Bludgeoning Angel Dokuro-chan First Impression
On a recommendation and fortuitous gap in schedule, I checked out the first couple episodes of Bludgeoning Angel Dokuro-chan.
Yikes.
It’s essentially the endgame in the regular-guy-with-crazy,-clingy-girl-attached genre arms race. Violent and pervy doesn’t even begin to describe it.
It’s about a relatively normal junior high school kid who in the future will apparently accidentally create eternal youth when he attempts to create a loli-heaven—all women stop aging at 12. At least, that’s what a couple of angels sent to stop him from doing this (it infringes on God’s territory) claim, though there’s no particular indication that he’s got either the talent or desire to do this.
The concept is sort of genius, I have to admit.

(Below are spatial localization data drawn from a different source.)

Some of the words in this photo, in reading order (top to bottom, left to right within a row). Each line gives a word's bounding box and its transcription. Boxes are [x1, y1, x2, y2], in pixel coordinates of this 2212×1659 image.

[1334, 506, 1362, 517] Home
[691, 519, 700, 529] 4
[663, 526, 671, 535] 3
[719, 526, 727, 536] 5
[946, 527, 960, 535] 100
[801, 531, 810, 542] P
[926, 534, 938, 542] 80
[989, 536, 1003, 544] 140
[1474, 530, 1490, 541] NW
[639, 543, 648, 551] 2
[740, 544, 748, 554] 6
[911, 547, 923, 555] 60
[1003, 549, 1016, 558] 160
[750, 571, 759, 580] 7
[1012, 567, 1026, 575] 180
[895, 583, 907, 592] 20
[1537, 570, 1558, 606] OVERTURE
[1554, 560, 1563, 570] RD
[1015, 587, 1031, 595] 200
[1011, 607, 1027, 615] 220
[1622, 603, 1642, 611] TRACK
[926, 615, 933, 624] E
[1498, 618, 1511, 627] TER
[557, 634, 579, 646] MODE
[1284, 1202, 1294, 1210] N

It’s the execution that is… well, extreme. The “bad” angel is trying to kill him. The “good” one, the titular Dokuro-chan, does kill him. Repeatedly. She immediately brings him back to life with a standard nonsense incantation, but still, main character death on the order of Excel Saga. She does this with a huge, spiked club, resulting in volumes of blood that seriously make Fist of the North Star look family-friendly.
Again, conceptually, I love it—it’s what happens when baka-hammers actually do as much damage as it looks like they should. The extreme gore is so far over the top (less showers, more geysers from what’s left of the protagonist’s head) it’s actually not quite as bad as it seems, but it’s still stupefyingly violent. Also so pervy—when she’s not decapitating him, Dokuro is using her feminine “wiles” about as bluntly and extremely as her club to distract him from doing anything productive, and the opening credits and a few tossed-off SD images along the way basically lay out every SM fetish you can think of, with very little left to the imagination. There are several other background jokes that are equally in “I did not need to see that” territory. And that’s not even hitting the more standard dirty humor, which is kicked up at least a couple notches past average nosebleed, and made all the worse by an underaged cast.
On the appealing side, the kid actually isn’t so bad—he’s got a healthy fear of her, seems like a relatively decent guy, but also isn’t completely neutered as the usual nice kid is—he’s certainly not above leering and enjoying the undue attention on occasion, though he’s fighting against decency and fear. Also, the universe hates him, but he’s not complaining much. Also, the brutality is occasionally abrupt and realistic enough to actually be funny (ironically, the less cartoony the violence is, the funnier it comes across as).
On the negative, it’s incredibly cartoony in the character art, to the point it ruined some of the jokes compared to if they’d reined it in a little, even if it did soften the violence. Some of the exaggerated cartoony faces are just plain hideous, too—more “avert your eyes!” than laugh. It out-does even Onizuka’s freak-outs. Also, when a classmate gets turned into a monkey they just slap a photo of a monkey head on the animated body, which while weird, I don’t particularly like—it sorta breaks the flow, if this show has any. Worse than the creator head in Sayonara Zetsubou Sensei, since it’s part of the scene here.
Anyway, the show certainly caught my attention for the ultimate twist on tsundere masochism (actually, come to think of it, it’s sort of a vicious masochistic fantasy made as anime comedy), being more or less as violent as any comedy possibly could be, and being close to as dirty as you can get away with without slapping an H label on it. And it did get some laughs out of me, though some were half shock factor. That said, it’s also annoying and stupid enough that I’m not sure I’ll be able to sit through enough to be able to do up a proper review.
Still, now I know where the end of the cute-girl-on-meek-guy violence meter lies. Wow. And ew.